IP is being pushed by vendors as the 'next generation' of customer contact and deployed in every type of call centre environment. Traditional call centre technologies are proprietary, meaning any change or upgrades comes at a relatively high cost, but in comparison changes and innovation in an IP telephony environment are less expensive and require less upheaval.
Smaller call centres were the first to deploy IP solutions, as there were lower legacy investments to be considered. The same is true in the offshore markets (India, the Philippines, China and Central America/Latin America) which also make more use of distributed call centres and hosted/managed IP services, for which IP is well suited.
In the mature US and UK markets, the effects of offshoring and saturation at the high end mean that call centres in the sub-100 agent size-bracket are the areas most likely to experience any significant growth in IP usage at present. Over the course of the next five years, IP will continue to move upmarket until IP contact centres match the size and scope of traditional TDM contact centres.
In the UK, one of the most high profile instances of IP deployment has come from BT, which upgraded its legacy infrastructure in December 2004 to connect 10,000 agents based across 124 sites. As more proof of the scale of the BT project comes to light, take-up of IP will increase dramatically.

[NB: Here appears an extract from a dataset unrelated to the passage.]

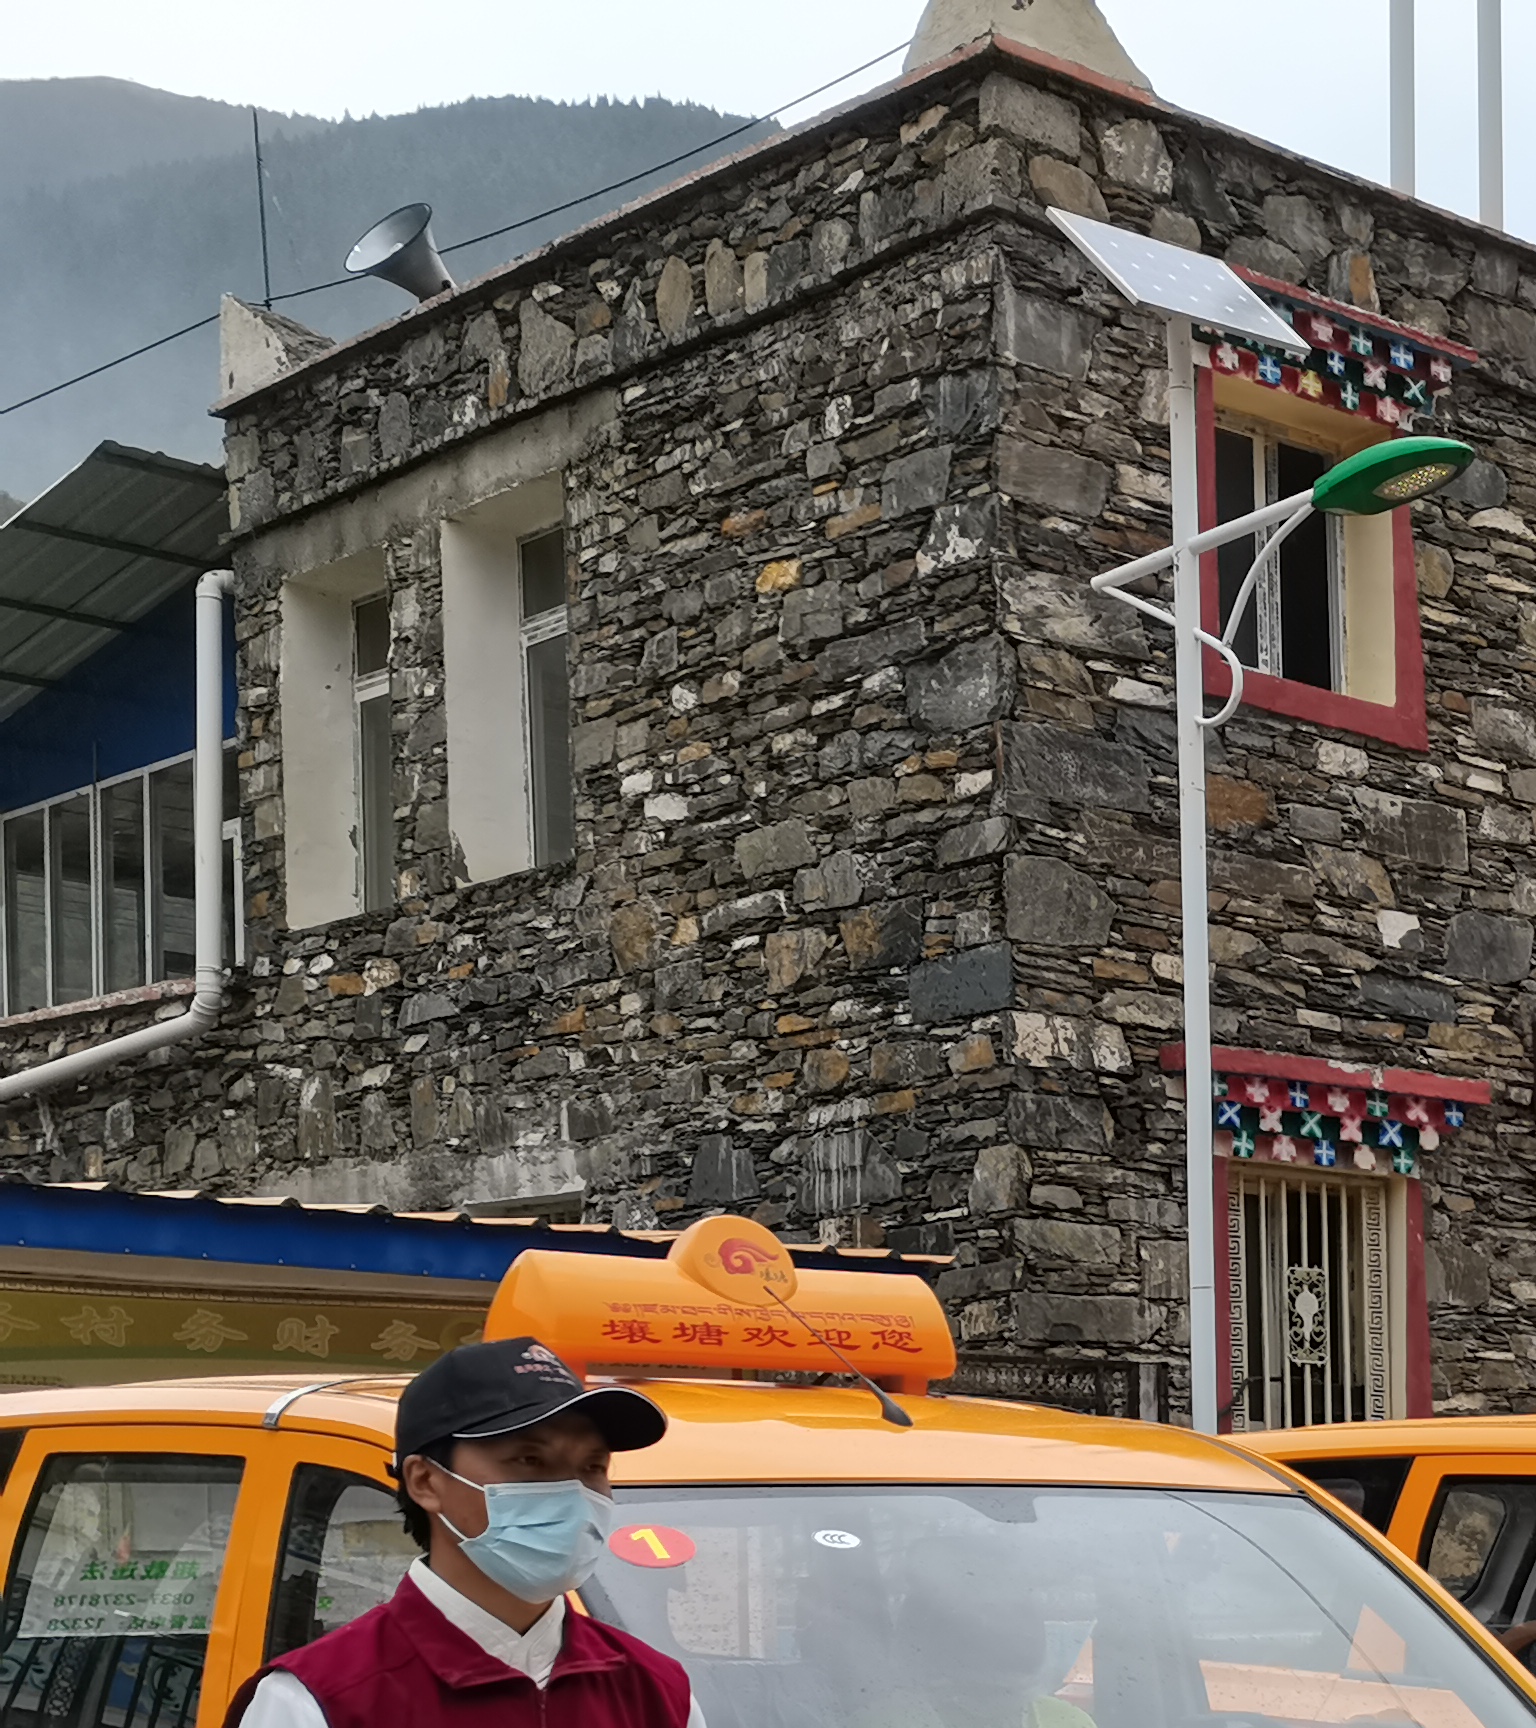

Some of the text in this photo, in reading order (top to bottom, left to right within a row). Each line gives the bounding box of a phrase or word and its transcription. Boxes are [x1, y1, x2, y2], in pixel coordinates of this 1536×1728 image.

[601, 1317, 923, 1354] 壤塘欢迎您
[630, 1528, 671, 1559] 1

From a customer service standpoint, VoIP reduces cost and enables greater leveraging of self-service applications. Take, for instance, the interactive voice response (IVR) - the heart of phone-based self-service in the call centre. On an IP infrastructure, IVR systems no longer require telephony cards as both voice and data travel through one converged network. This can substantially reduce the total cost of ownership (TCO) for call centres. In addition, with VoIP enabling easier multimedia routing and queuing, the IVR can be utilised more effectively on the edge of the call centre's network.
In order to interconnect different applications on the converged IP network a new standard, sessions initiation protocol (SIP), was created to ultimately replace the older standard H.323, which had limited capabilities. In fact, all the leading IVR vendors such as Avaya, Edify, Genesys, Intervoice, Nortel and VoiceGenie support SIP and in doing so have integrated VoIP capabilities into their platform offerings.

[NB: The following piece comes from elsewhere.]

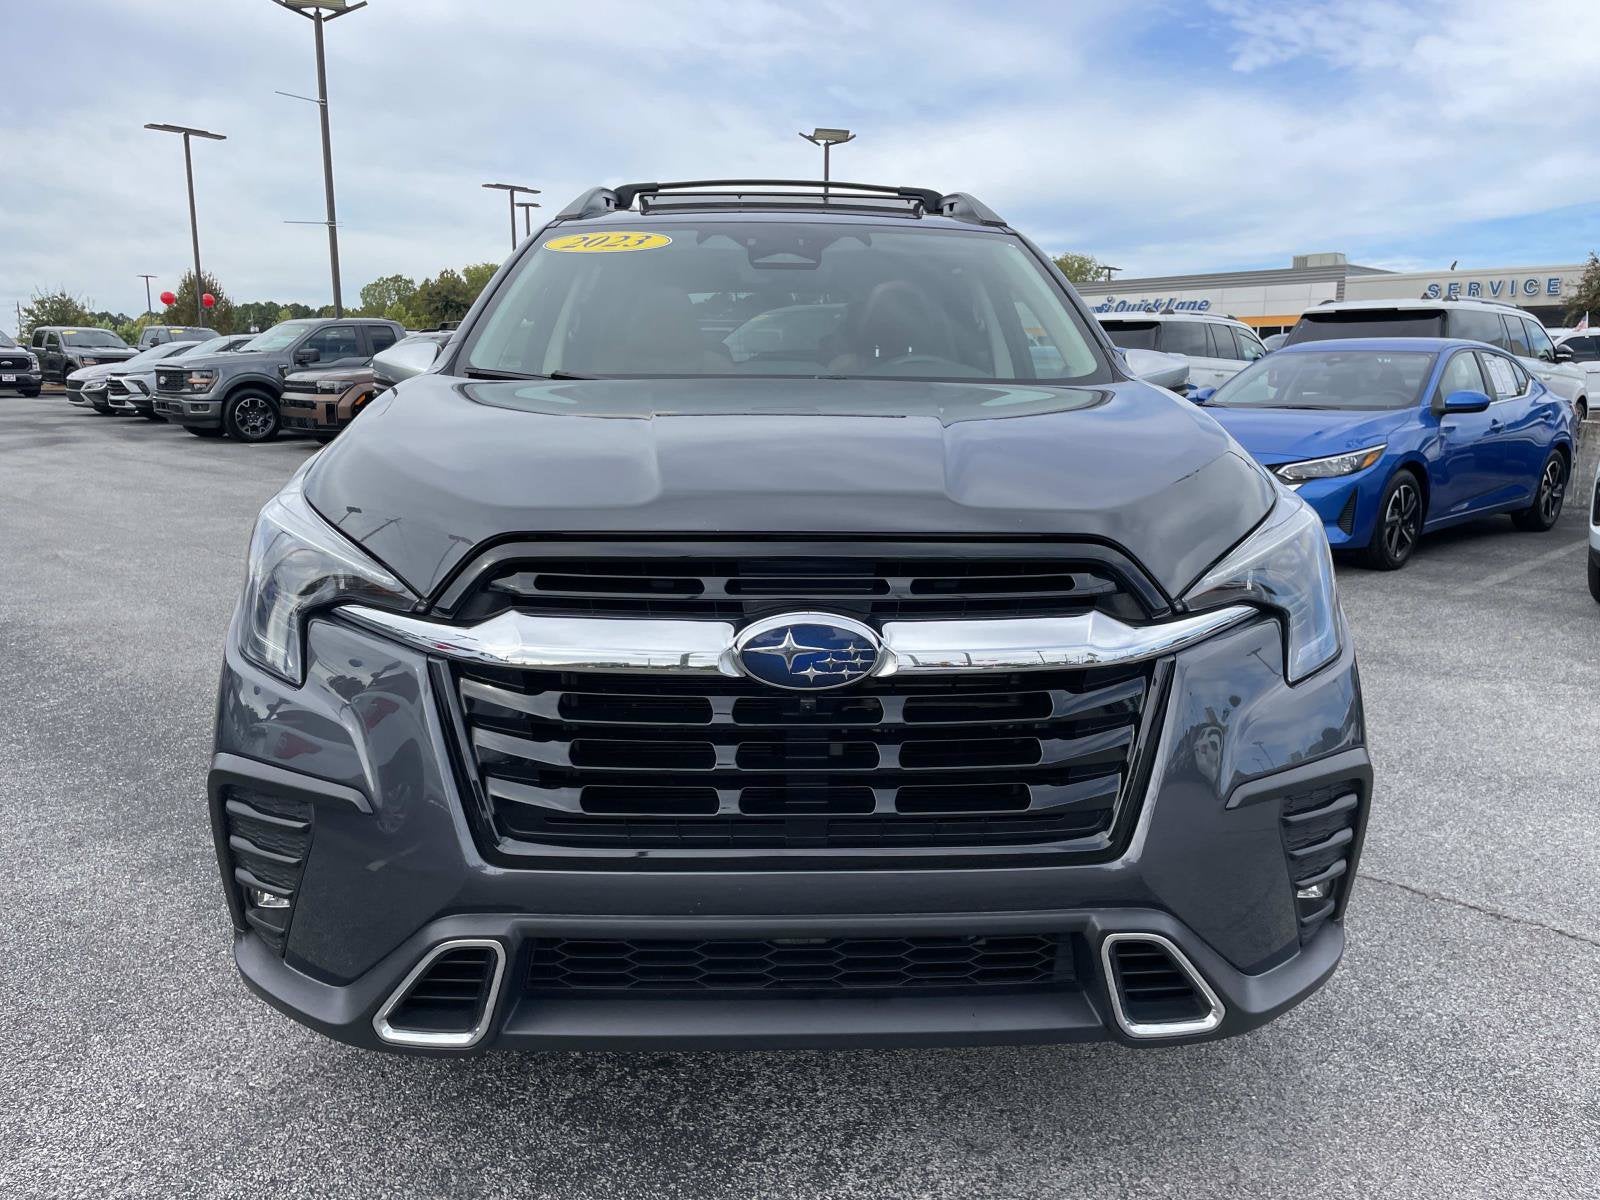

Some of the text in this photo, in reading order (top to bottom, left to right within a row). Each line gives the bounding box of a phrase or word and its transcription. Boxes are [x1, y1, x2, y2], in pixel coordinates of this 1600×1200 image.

[562, 235, 652, 248] 2023
[1427, 277, 1562, 299] SERVICE
[1114, 297, 1211, 314] Quick Lane

For instance, Intervoice's Omvia Media Server supports the SIP protocol through its use of Intel's Host Media Processing. Subsequently, its Voice Express suite of packaged speech applications can be deployed as a software-only configuration which eases the move to IP-based IVR. It is examples such as this that show how vendor support for VoIP will ultimately benefit the customer through reduced costs, increased flexibility and platform.

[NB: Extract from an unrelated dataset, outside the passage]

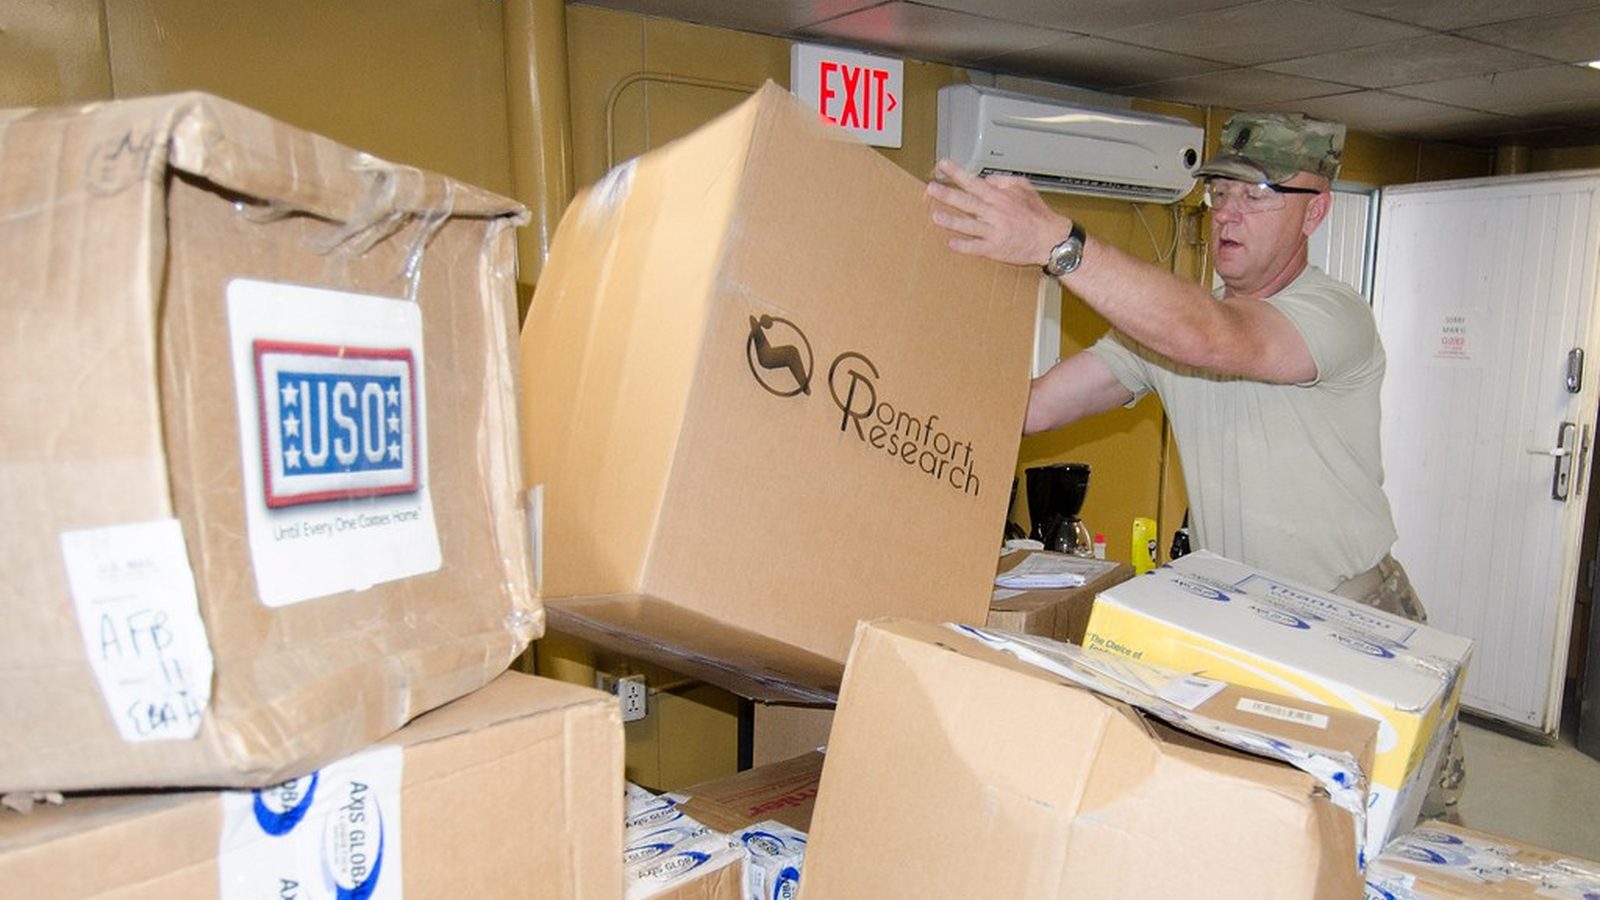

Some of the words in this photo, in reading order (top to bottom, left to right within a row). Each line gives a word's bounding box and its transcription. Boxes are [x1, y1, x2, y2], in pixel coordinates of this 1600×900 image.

IP is already on its way to becoming the default in call centres. Spending on maintaining and upgrading legacy equipment will still be huge but the investment pendulum has swung in favour of IP technology. By 2008, half of all telephony platform-spending in call centres will be for IP. Consider that there are four million call centre agents around the world today and that post-2008 half of all spending will be on IP - and you see the scale of IP's success is impressive. Not a revolution but nevertheless a strong market movement.
Daniel Hong is the CRM analyst at Datamonitor.